Impact of Myo-inositol supplementation in the prevention of neural tube defects

Resumen

Motivation: Neural tube defects (NTDs) occur during early development by failure of neural tube closure and cause severe birth problems like spina bifida. It has been demonstrated that the mechanisms required during neural tube closure are regulated by genetic and environmental factors, such as maternal diet. Folic acid supplementation during pregnancy prevents the appearance of NTDs in 70% of the cases and the remaining 30% are considered folate resistant. For that reason, there is a need to find new supplements that could help preventing NTDs. One compound that is being tested is inositol, a simple carbon six sugar alcohol that participates in a diverse range of cellular functions. In clinical trials, inositol was used to prevent NTDs and the offspring from mothers that included inositol and folic acid in their diet during pregnancy did not develop NTDs. In our laboratory we are using Loop-tail, mutant of the member of the Wnt-PCP Vangl2, that in heterozygosity presents an incidence of 6% spina bifida. Previous studies using Loop-tail, revealed that a cellular aggregate originates in neural tube dorsal zone of heterozygous embryos.

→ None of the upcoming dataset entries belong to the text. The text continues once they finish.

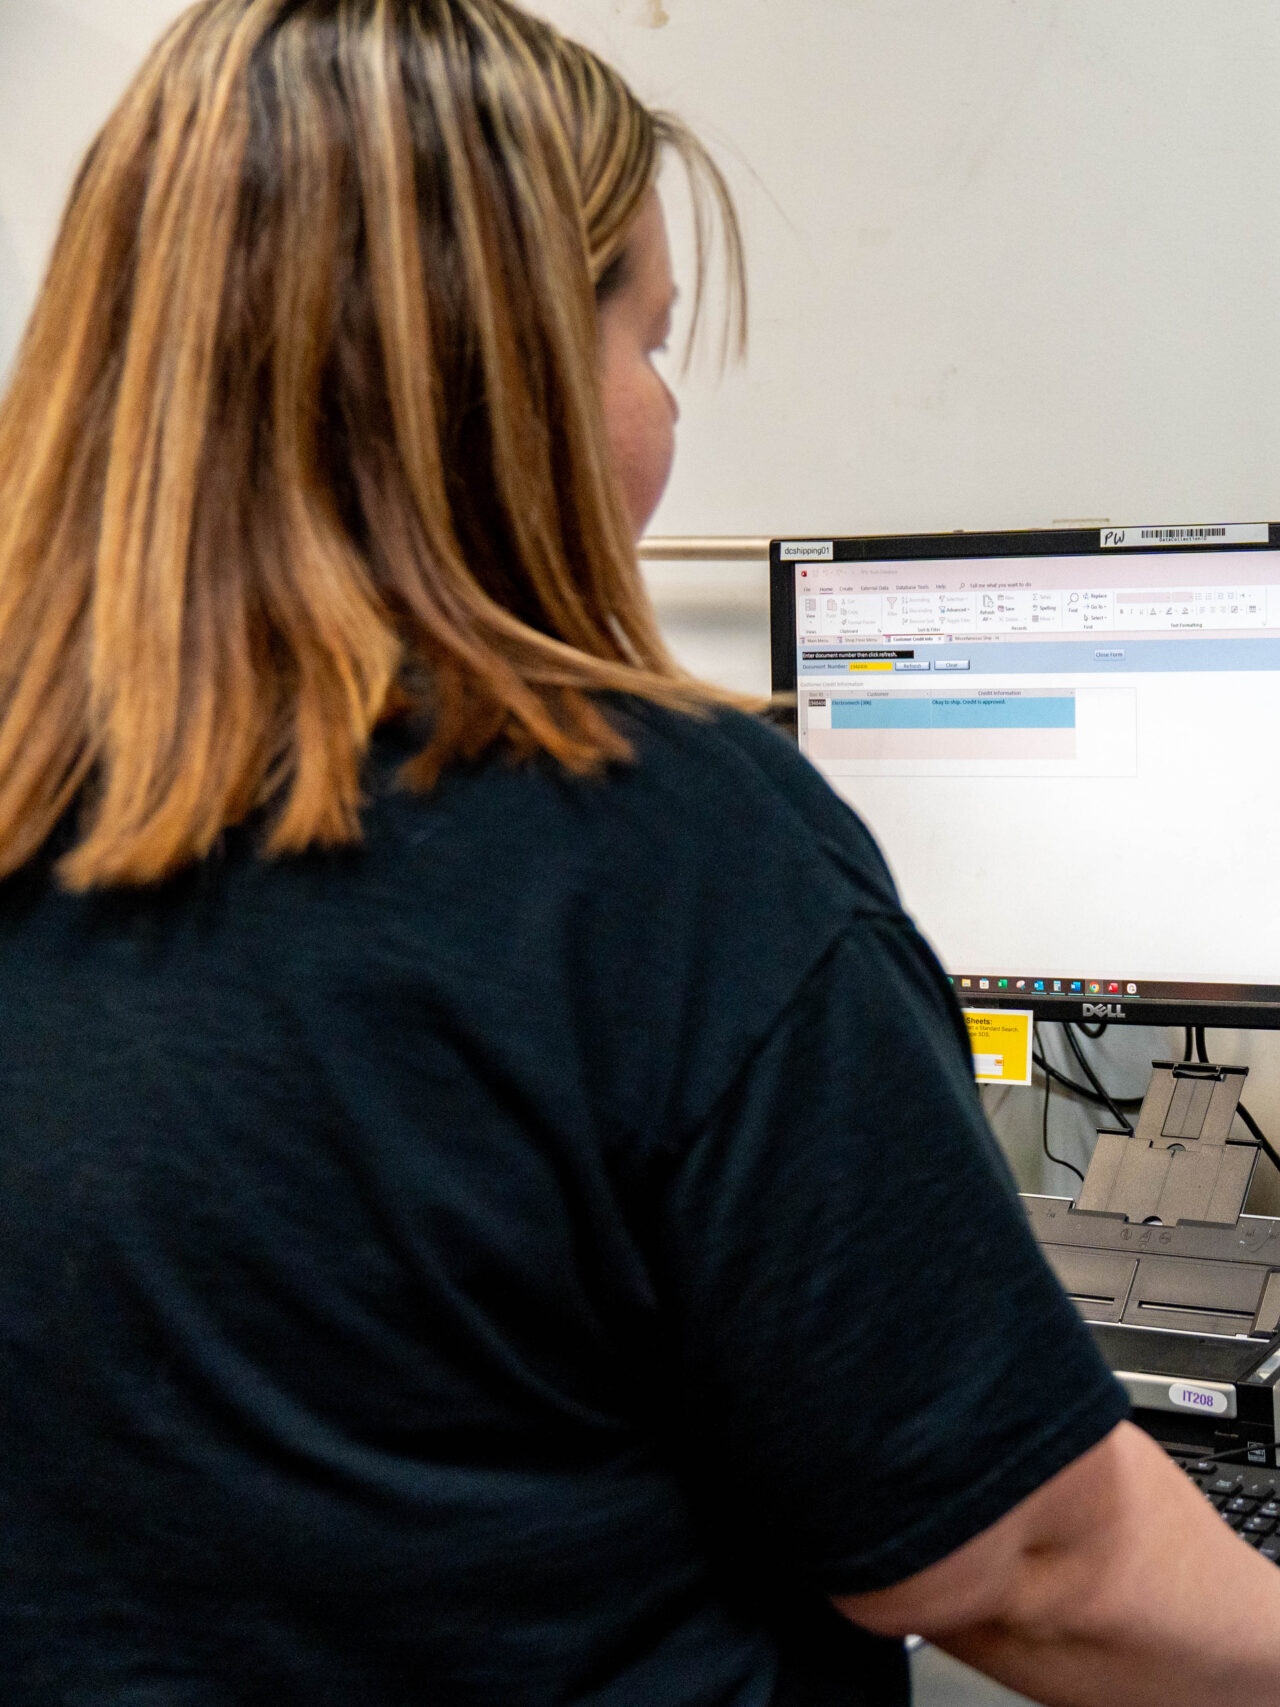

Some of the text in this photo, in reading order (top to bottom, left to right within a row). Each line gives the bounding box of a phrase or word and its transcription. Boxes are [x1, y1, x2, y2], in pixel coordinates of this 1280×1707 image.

[784, 545, 831, 556] dcshipping01
[1082, 1003, 1126, 1018] DELL
[966, 1017, 993, 1025] Sheets:
[1182, 1389, 1214, 1407] IT208
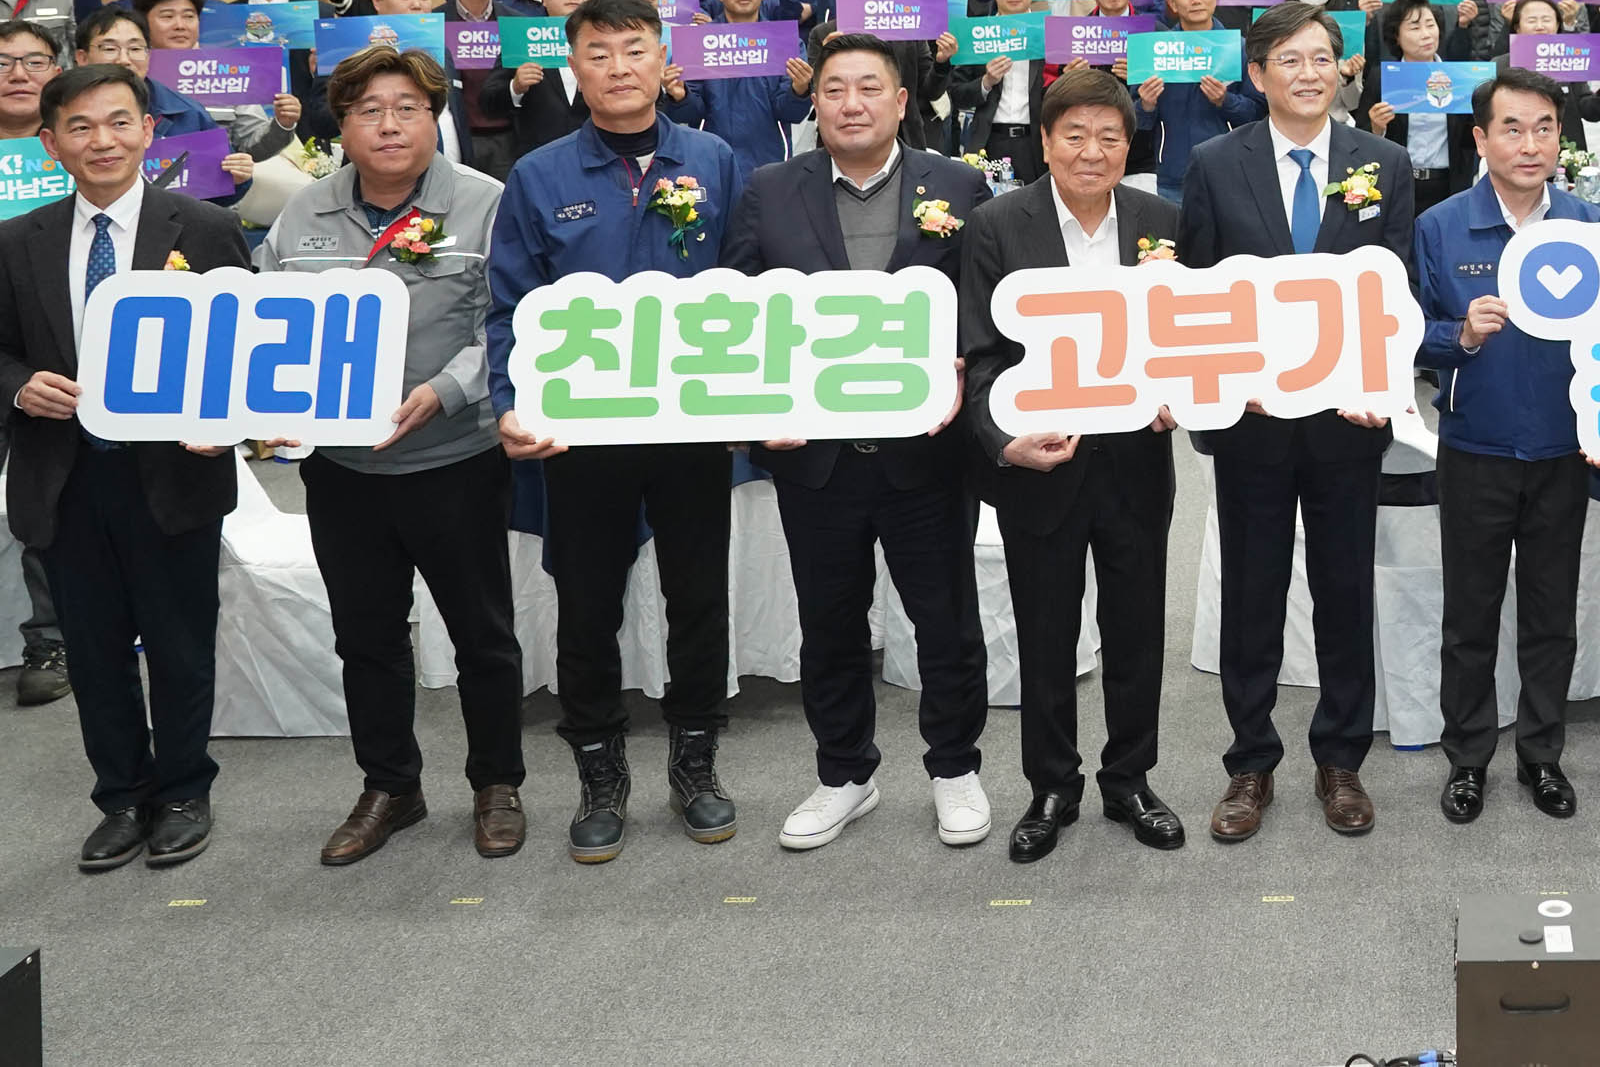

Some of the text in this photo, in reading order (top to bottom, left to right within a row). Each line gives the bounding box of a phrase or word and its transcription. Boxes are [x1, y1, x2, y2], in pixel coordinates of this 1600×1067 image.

[864, 0, 920, 15] OK! Now
[864, 15, 921, 31] 조선산업!
[458, 30, 489, 44] OK!
[526, 26, 560, 41] OK!
[971, 25, 1001, 39] OK!
[1071, 25, 1129, 39] OK! Now
[702, 34, 767, 50] OK! Now
[972, 37, 1027, 54] 전라남도!
[1071, 41, 1129, 55] 조선산업!
[1153, 41, 1185, 55] OK!
[1536, 43, 1590, 57] OK! Now
[703, 49, 768, 67] 조선산업!
[1153, 56, 1213, 71] 전라남도!
[1535, 57, 1590, 72] 조선산업!
[178, 60, 250, 77] OK! Now
[177, 76, 250, 94] 조선산업!
[0, 175, 76, 201] 라남도!
[1014, 269, 1400, 413] 고부가
[103, 291, 382, 421] 미래
[535, 289, 932, 421] 친환경

This aggregate, Sox10 positive, is formed by cells from the neural crest which did not migrate correctly. Besides, this cellular aggregate shares similarities with lipomyelomeningocele, the most common type of spina bifida occulta. In order to prevent the appearance of this cellular aggregate our laboratory previously used D-Chiroinositol in Loop-tail mice as a supplement. Although the aggregate size and prevalence was reduced, crown-rump length of heterozygous embryos was significantly shorter than control embryos. Therefore, we are currently testing Myo-inositol, the isomeric form of inositol used in the human trials designed to prevent NTDs. Methods: Myo-inositol was administered in the drinking water to pregnant females from day E1.5 of gestation until E11,5 and embryos were collected at stage E12,5. From each litter, data referring to number of implants, resorptions and genotype of the embryos was registered for possible effects on embryotoxicity. In situ hybridization using a Sox10 probe, neural crest marker, was later performed in order to study the presence and intensity of cellular aggregates.